Recognised as a disease, obesity is a condition which increases the likelihood of developing a wide range of noncommunicable diseases.
It also increases the likelihood of infectious diseases leading to serious consequences.
Lawrence Mbalati, head of the Healthy Living Alliance, said although sugar taxes were not increased in the latest budget speech, they played a role in reducing obesity. “
The sugar tax [health promotion levy] is in the health tax toolbox to reduce overconsumption of sugar in the short term and reduce the rate of obesity,” he said.
“Obesity does not receive prioritisation commensurate with its prevalence and impact, which is rising fastest in emerging economies such as South Africa.”
Mbalati added it was a gateway to many other noncommunicable diseases, mental health illness and a major factor in Covid-19 complications and mortality.
“Ultra-processed foods in particular, the overconsumption of added sugar; such as sugar added to cool drinks was linked to obesity. Sugar in its natural form, that is sugar in whole fruits and vegetables, does not contribute towards obesity.”
Mbalati observed that in South Africa, the risk of obesity appeared to be higher in poorer communities because, often, the food environment was skewed to cheaper, ultra-processed foods.
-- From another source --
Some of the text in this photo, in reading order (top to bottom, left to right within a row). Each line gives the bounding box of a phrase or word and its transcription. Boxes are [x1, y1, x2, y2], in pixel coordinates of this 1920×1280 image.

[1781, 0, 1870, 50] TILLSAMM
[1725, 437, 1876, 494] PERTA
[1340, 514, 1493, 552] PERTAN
Lack of physical activity also contributed. Diseases caused by obesity include cardiovascular diseases and cancers, hypertension and diabetes, among others.
Mbalati said eating healthily was expensive, but he wanted the government to intervene.
“The government can protect the health of all South Africans by using policy to create a healthier food environment.
“The health promotion levy is one such tool. It has incentivised manufacturers to reformulate their products to make them healthier and it has reduced sugar consumption by consumers.”
Dr Chantel Witten, a dietitian, said three factors played a role in child obesity: use of infant formula was related to childhood obesity as were feeding practices and lack of physical activity.